Centerra Gold secures approval to mine Gatsuurt deposit in Mongolia

4 February 2016 (Last Updated February 4th, 2016 18:30)

Canada-based Centerra Gold has received approval from the Mongolian Parliament to mine the Gatsuurt deposit after a five-year delay.

Canada-based Centerra Gold has received approval from the Mongolian Parliament to mine the Gatsuurt deposit after a five-year delay.

The approval will grant the Mongolia Government ownership interest in the Gatsuurt project at 34%.

Centerra has been awaiting a decision from Mongolia since 2010 to decide whether to proceed with the project, following a law that prohibited mining at certain areas near forests, as well as water sources, including Gatsuurt.

The project was one of the strategic deposits exempted from the restrictions in December 2014, but still required government ownership.

"The company will now focus on finalising the investment agreements with the Government of Mongolia."

Centerra Gold CEO Scott Perry said: "The Gatsuurt Project represents an exciting opportunity to use Centerra's existing Boroo mill and other infrastructure to develop the 1.6 million ounce Gatsuurt deposit with very modest initial capital investment.
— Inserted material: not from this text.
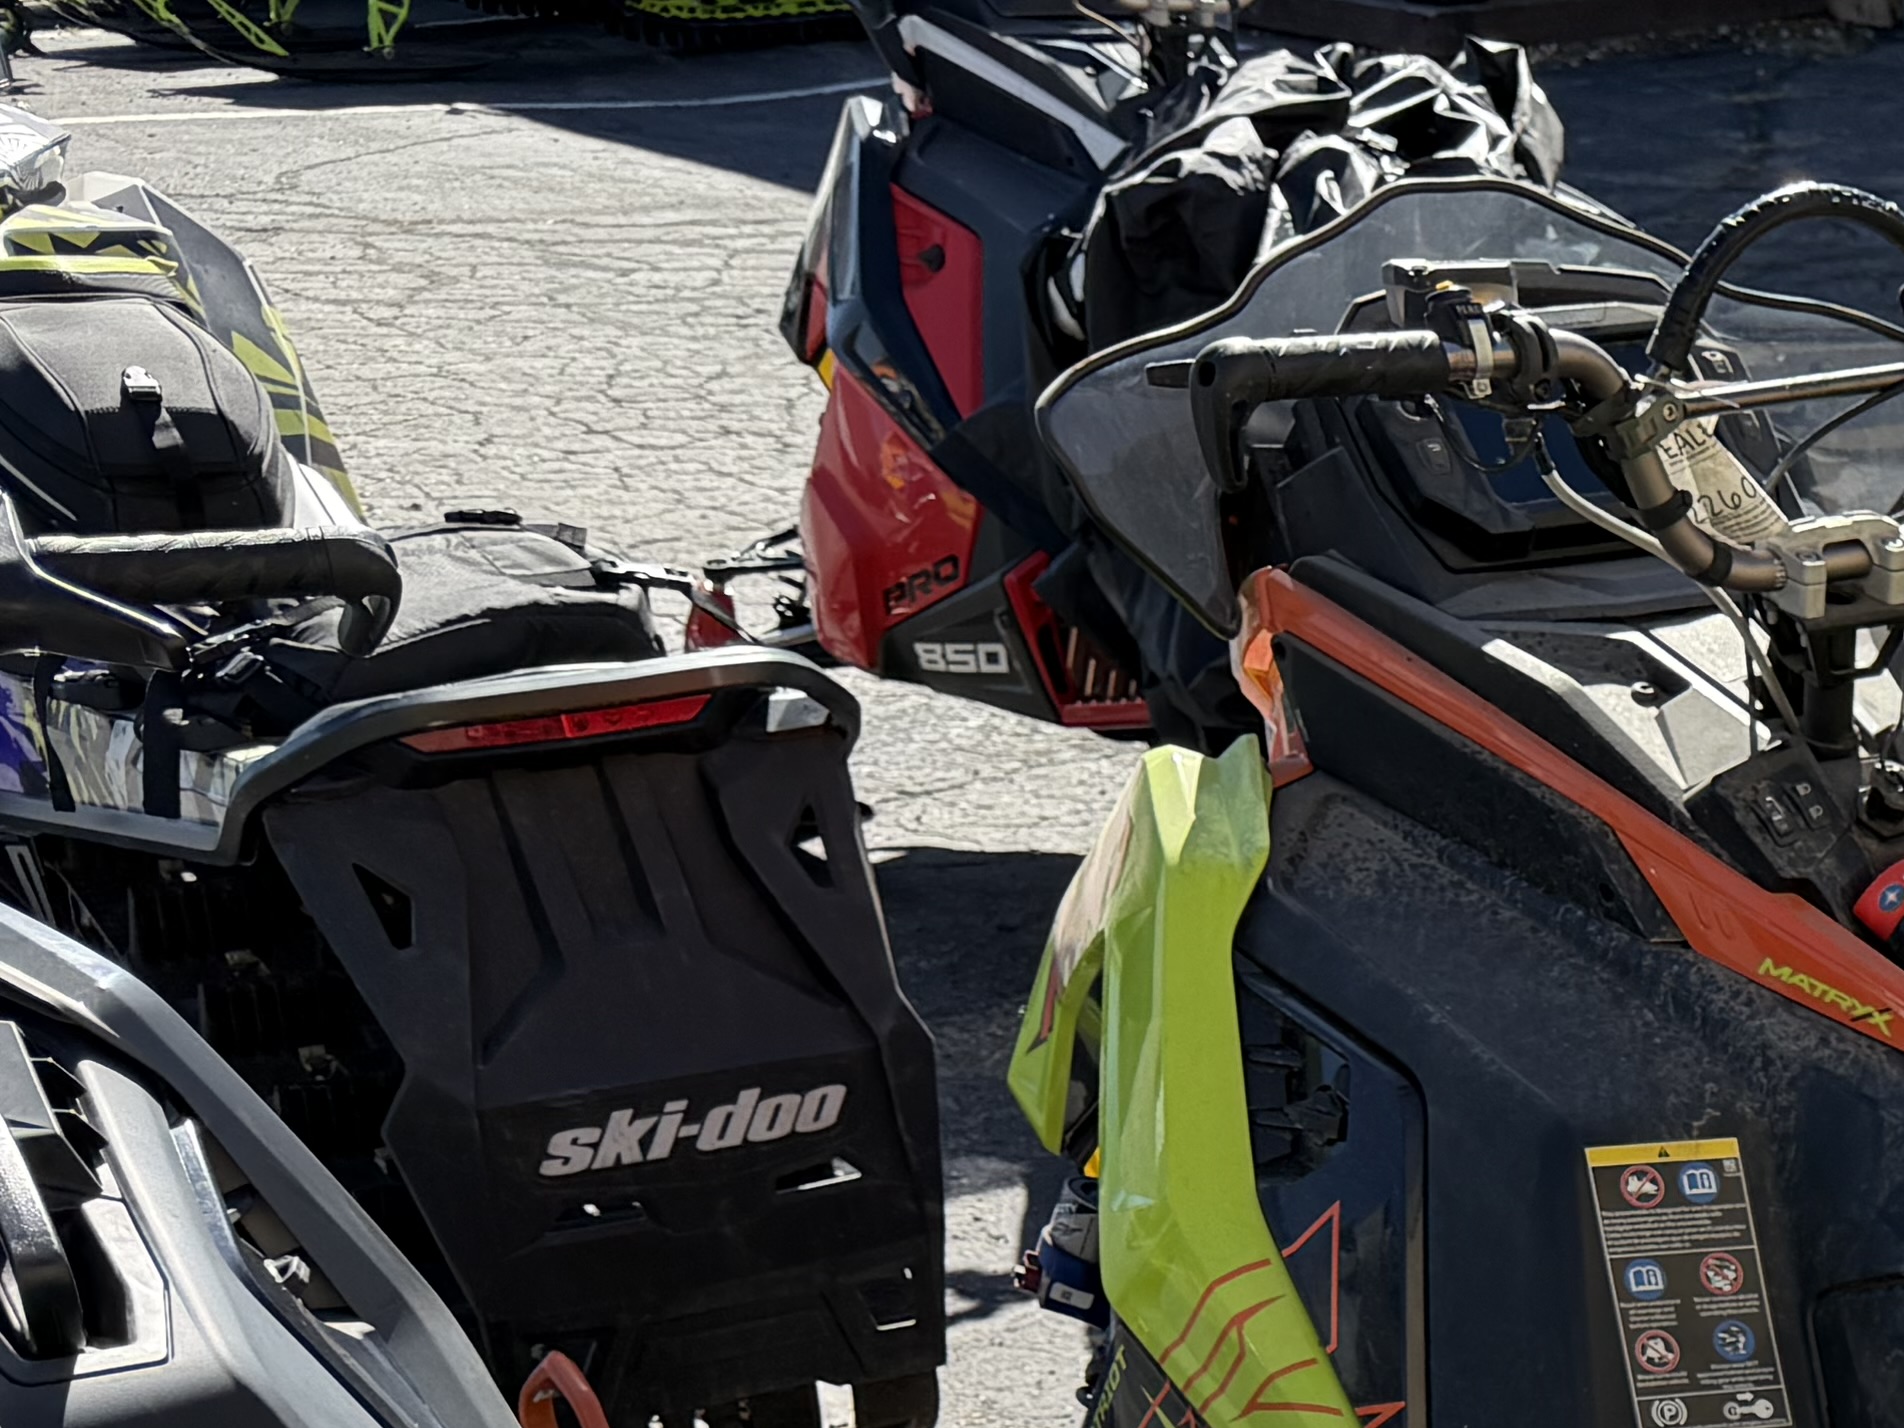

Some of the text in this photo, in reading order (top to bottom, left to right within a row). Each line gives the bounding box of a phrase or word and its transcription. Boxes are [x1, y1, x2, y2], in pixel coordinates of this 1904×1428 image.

"The company will now focus on finalising the investment agreements with the Government of Mongolia."

Following receipt of approval, the company now hopes to go ahead with negotiating agreements with the government.

Once the agreements conclude, Centerra said it will undertake economic and technical studies to update existing studies on the project.

Located 55km by road from the company's Boroo mine, the Gatsuurt project is expected to be developed in accordance with applicable Mongolian environmental regulations.

At the project, the company plans to mine the ore and truck it to the existing Boroo mill to be processed. The current plan is to process about 3.6 million tonnes of CIP ore (oxides) from Gatsuurt.

During this time, the company plans to add a BIOX facility to the existing Boroo facility in order to use it for processing the remaining sulphide ores totalling about 13.5 million tonnes.